## Problem description
Would you return the records below character for character, without any images?

[Stored entries]
----
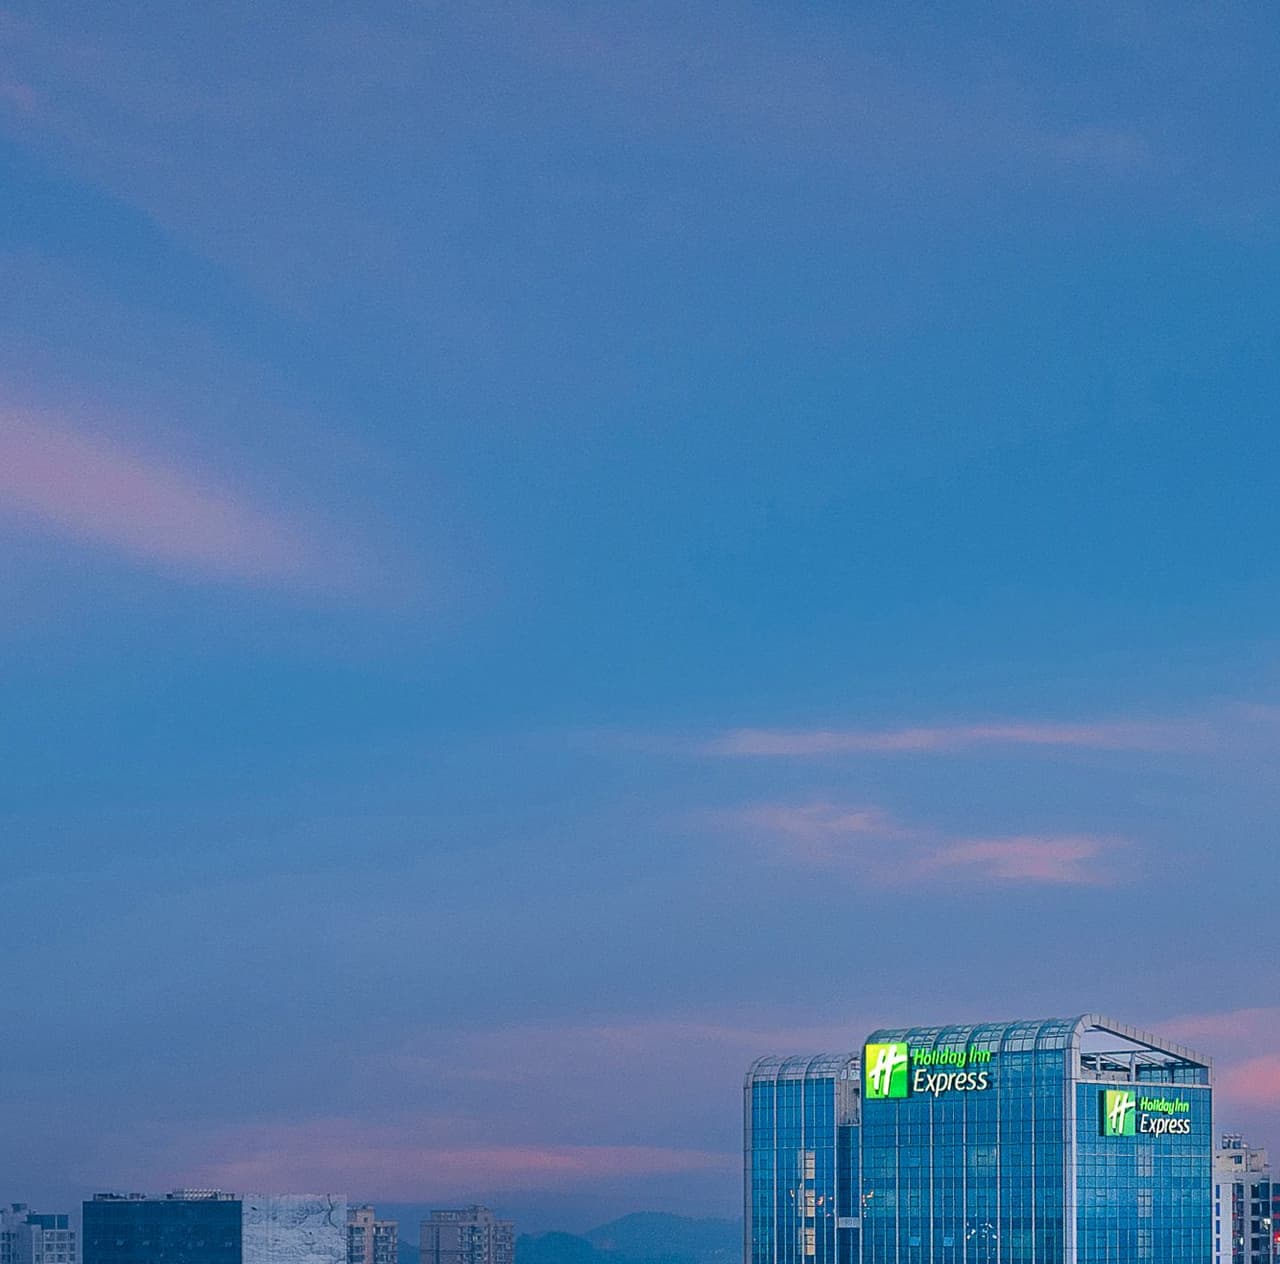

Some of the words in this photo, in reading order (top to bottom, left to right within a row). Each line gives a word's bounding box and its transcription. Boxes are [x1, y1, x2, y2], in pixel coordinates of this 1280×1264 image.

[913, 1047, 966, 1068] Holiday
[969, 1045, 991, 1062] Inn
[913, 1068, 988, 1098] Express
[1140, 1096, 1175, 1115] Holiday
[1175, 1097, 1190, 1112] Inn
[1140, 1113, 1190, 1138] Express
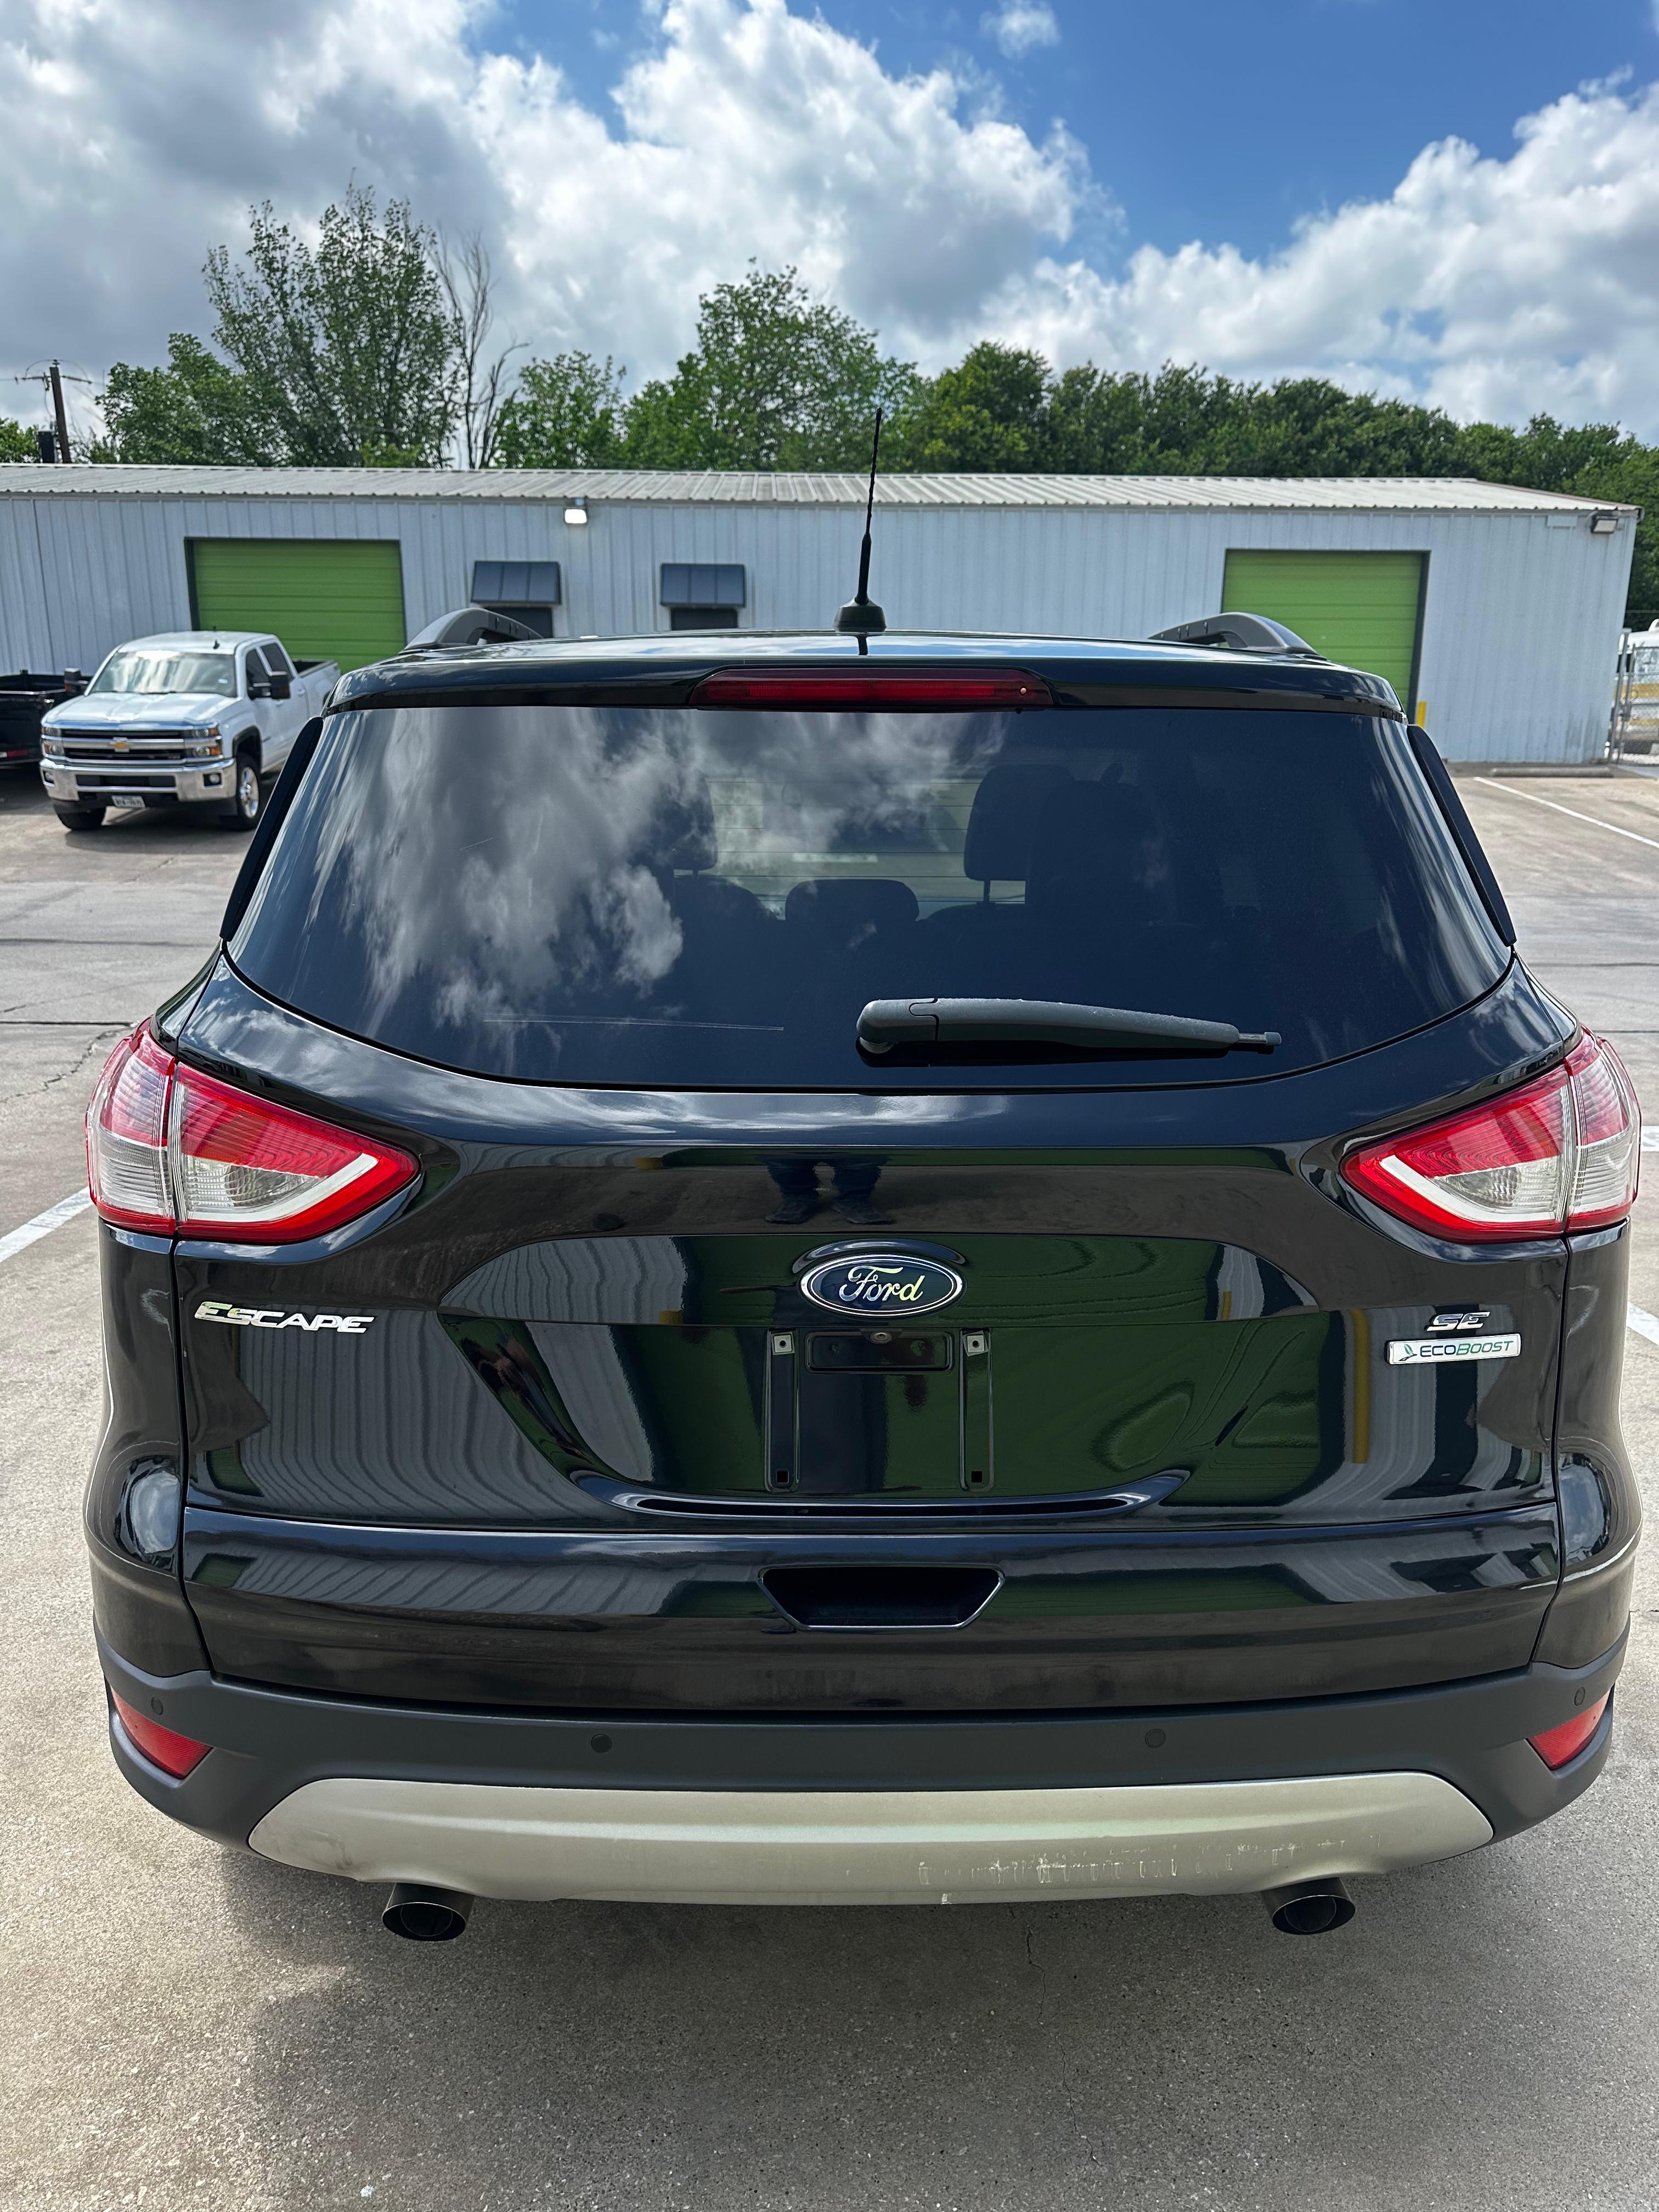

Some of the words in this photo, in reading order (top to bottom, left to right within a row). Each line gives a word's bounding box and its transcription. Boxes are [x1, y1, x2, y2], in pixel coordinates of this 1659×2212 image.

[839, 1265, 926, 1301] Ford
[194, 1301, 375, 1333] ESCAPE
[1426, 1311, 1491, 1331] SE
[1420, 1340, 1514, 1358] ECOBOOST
----
## Reply
Some of the words in this photo, in reading order (top to bottom, left to right within a row). Each line gives a word's bounding box and its transcription. Boxes are [x1, y1, x2, y2], in pixel coordinates of this 1280×1264 image.

[913, 1047, 966, 1068] Holiday
[969, 1045, 991, 1062] Inn
[913, 1068, 988, 1098] Express
[1140, 1096, 1175, 1115] Holiday
[1175, 1097, 1190, 1112] Inn
[1140, 1113, 1190, 1138] Express

Some of the words in this photo, in reading order (top to bottom, left to right within a row). Each line gives a word's bounding box and its transcription. Boxes are [x1, y1, x2, y2], in pixel coordinates of this 1659×2212 image.

[839, 1265, 926, 1301] Ford
[194, 1301, 375, 1333] ESCAPE
[1426, 1311, 1491, 1331] SE
[1420, 1340, 1514, 1358] ECOBOOST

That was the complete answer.